Toward the end of our drive home from Vermont yesterday, we found ourselves on Route 128, the beltway that circles Boston to the North, West and South (the Atlantic Ocean is to the East). We passed the site of a new mall in the neighboring town of Wakefield. It's going to be a huge, upscale shopping center, and there are billboards out already, trying to generate excitement even though the grand opening is many months away.
The thing is, this new shopping center is located about halfway between two others, both of which have recently become bigger and more upscale with the addition of a Nordstrom.

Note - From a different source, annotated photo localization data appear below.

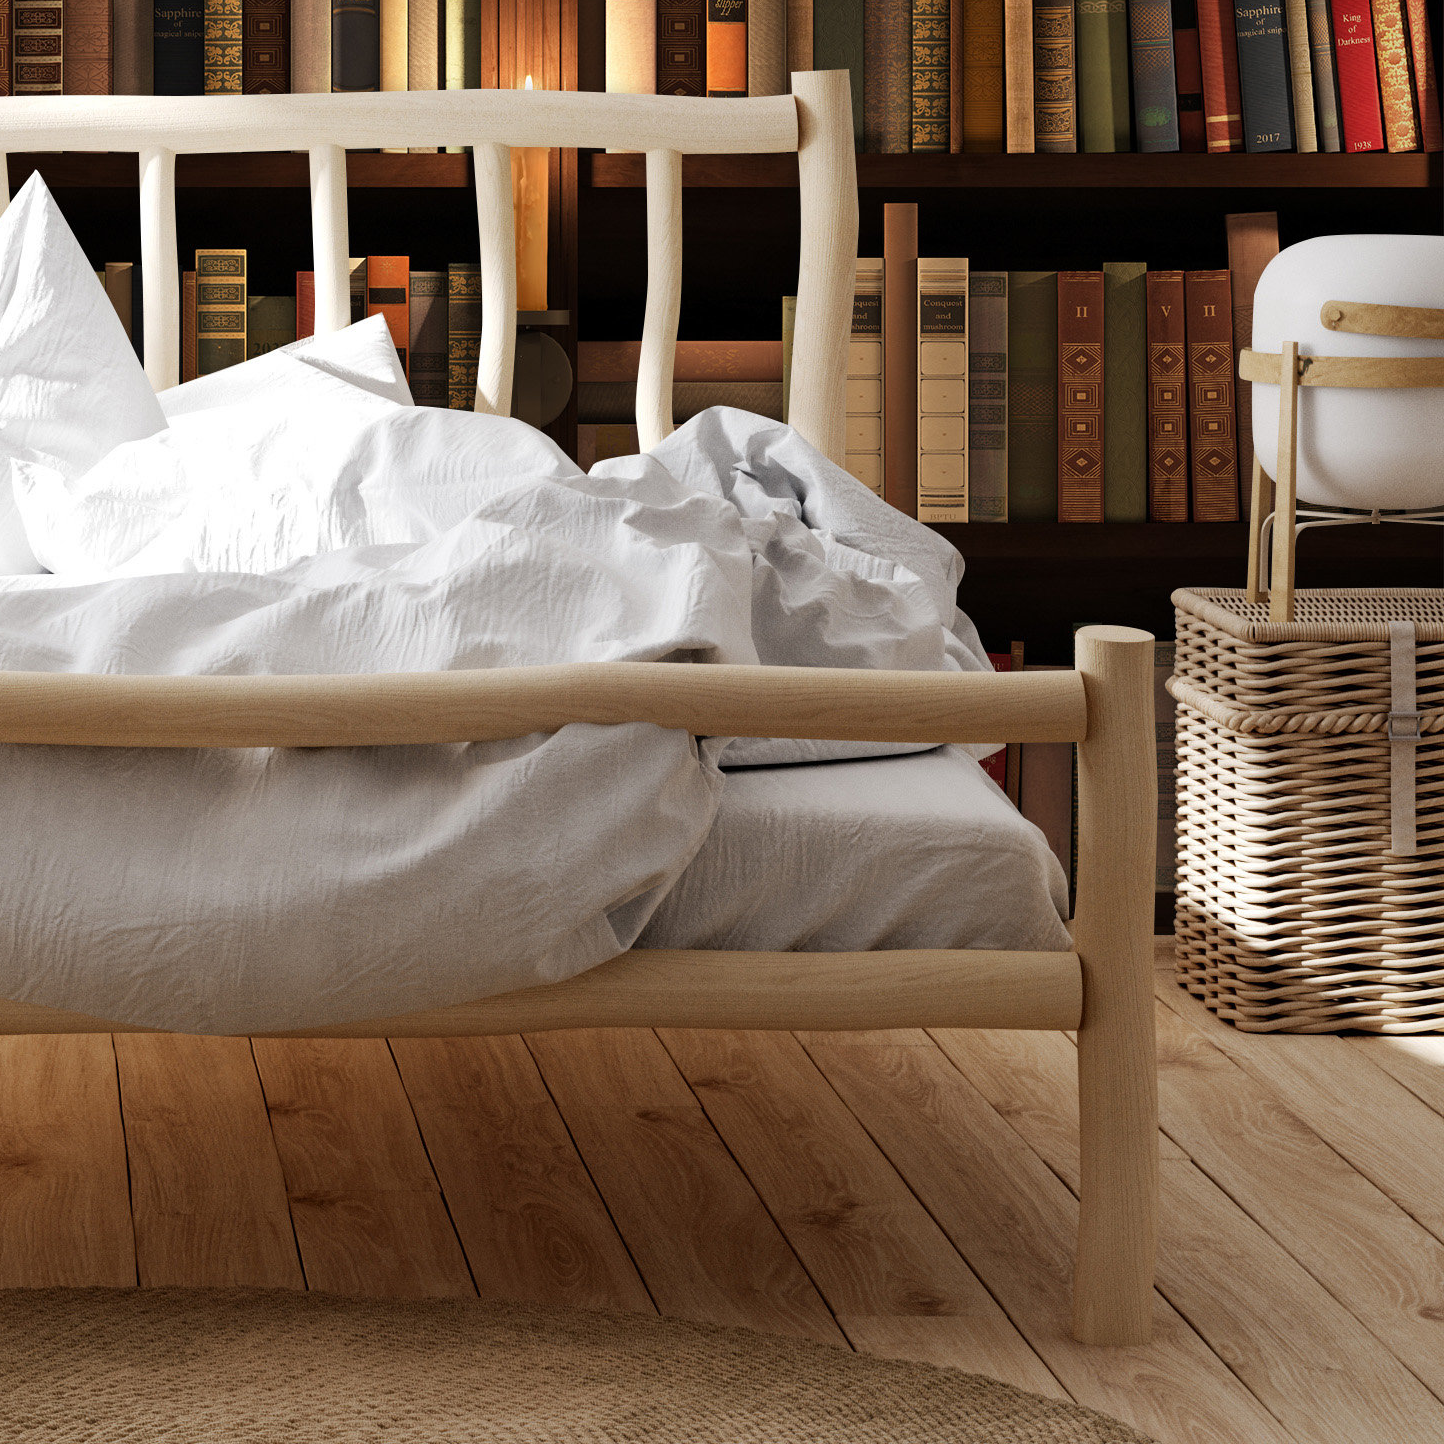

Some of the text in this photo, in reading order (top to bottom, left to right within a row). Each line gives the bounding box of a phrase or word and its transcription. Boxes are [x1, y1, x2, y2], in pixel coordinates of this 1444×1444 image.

[154, 8, 202, 21] Sapphire
[1236, 3, 1283, 20] Sapphire
[1256, 18, 1265, 27] of
[1342, 14, 1362, 24] King
[1237, 27, 1266, 38] magical
[1348, 24, 1357, 34] of
[154, 30, 182, 40] magical
[1338, 36, 1371, 47] Darkness
[1256, 133, 1280, 144] 2017
[1353, 140, 1372, 152] 1938
[924, 299, 963, 309] Conquest
[1076, 306, 1088, 318] II
[1160, 306, 1172, 318] V
[1203, 305, 1216, 317] II
[922, 323, 964, 331] mushroom

All in all, we will now have three major malls within one sixteen-mile stretch.
This seems a little unnecessary.
Really, how many malls do we need? More importantly, how much shopping do we need to do?
Apparently the answer is "a lot."
Shopping has become the national pastime. Especially for those of us with teenage daughters. I think there are several factors involved, none of them particularly positive.
Most of our friends don't go to church (or temple or mosque) together on any kind of regular basis. In fact, clergy joke about people attending church for just three occasions now: baptisms, weddings and funerals — or, more poetically, to "hatch, match and dispatch." This is definitely true for our nuclear family. So, while our forefathers and mothers might have spent Sunday at church, followed maybe by a multigenerational family dinner, we don't. Instead, we have more free time ... and less ways to fill it.
Where do we go? To malls. And, even that isn't a family activity necessarily. These days, I tend to do a drive by, dropping the teen and friends at the shopping center and then picking them up later.
What happened to hobbies?
What happened to ballgames, bike riding, field trips?
What happened to time spent together, a cohesive family, playing a game or relaxing in front of a roaring fire?
All of this togetherness has been replaced by hunts for the perfect blue jeans, amassing collections of tank tops, shorts or sandals, loading up on costume jewelry, cosmetics and bikini briefs from Victoria's Secret. I worry about my daughter growing up in such a culture of conspicuous consumption.
Believe me, she has plenty of clothes! She would argue that it only seems like it because her closet is so small. Be that as it may, she is not exactly needy. Or naked.
So, we continue to worship at the altar of Abercrombie's, Hollister, Aeropostale, American Eagle, H&M, and Delia's.
But shopping stimulates our economy, you may say. I beg to differ. Nearly everything for sale at the soon-to-be three malls in our immediate vicinity was manufactured in Asia. So we're supporting off-shoring and questionable labor practices. And, many of the customers buying these sweatshop imports are doing so with credit cards, paying exorbitant interest rates for goods that they don't need and that will probably be out of style before they are paid off.
This isn't true for every shopper, of course. But, I fear that it is for many.
And what do we do with all that stuff anyway? We rent outside space because we run out of room at home. Really, the self-storage industry is one of only a handful that not only weathered the recession but grew faster than inflation.
What's wrong with this picture?
I'm just as guilty as any other mom. Yes, I confess that I have bribed my daughter with shopping trips. I have paid for her affection on more than one occasion. (Way more than one. Way, way, way more.) All of this went through my mind as we drove by yet another mall. I would have discussed it with my daughter, maybe used these observations as a teachable moment. But she was in her own world, earbuds in place, listening to Pandora on her iPhone in the back seat.
Needless to say, we did not stop at any shopping centers on our way back from Vermont. Instead, we unloaded the car and my husband made a nice fire. My daughter studied for her theatre arts quiz and I finished a novel I'd started over the weekend.
Once her test preparation was complete, my daughter brought my iPad over and snuggled up next to me.
"Can we order that shirt from Forever 21 now?" she asked in the sweetest possible voice. She has an assumptive way of making these little requests sound like ultra-natural foregone conclusions. She still had credit on a gift card she received for Christmas. It would be a shame to waste it. Right?
So, at the end of the day, there we were, a cohesive family in front of a roaring fire ... shopping.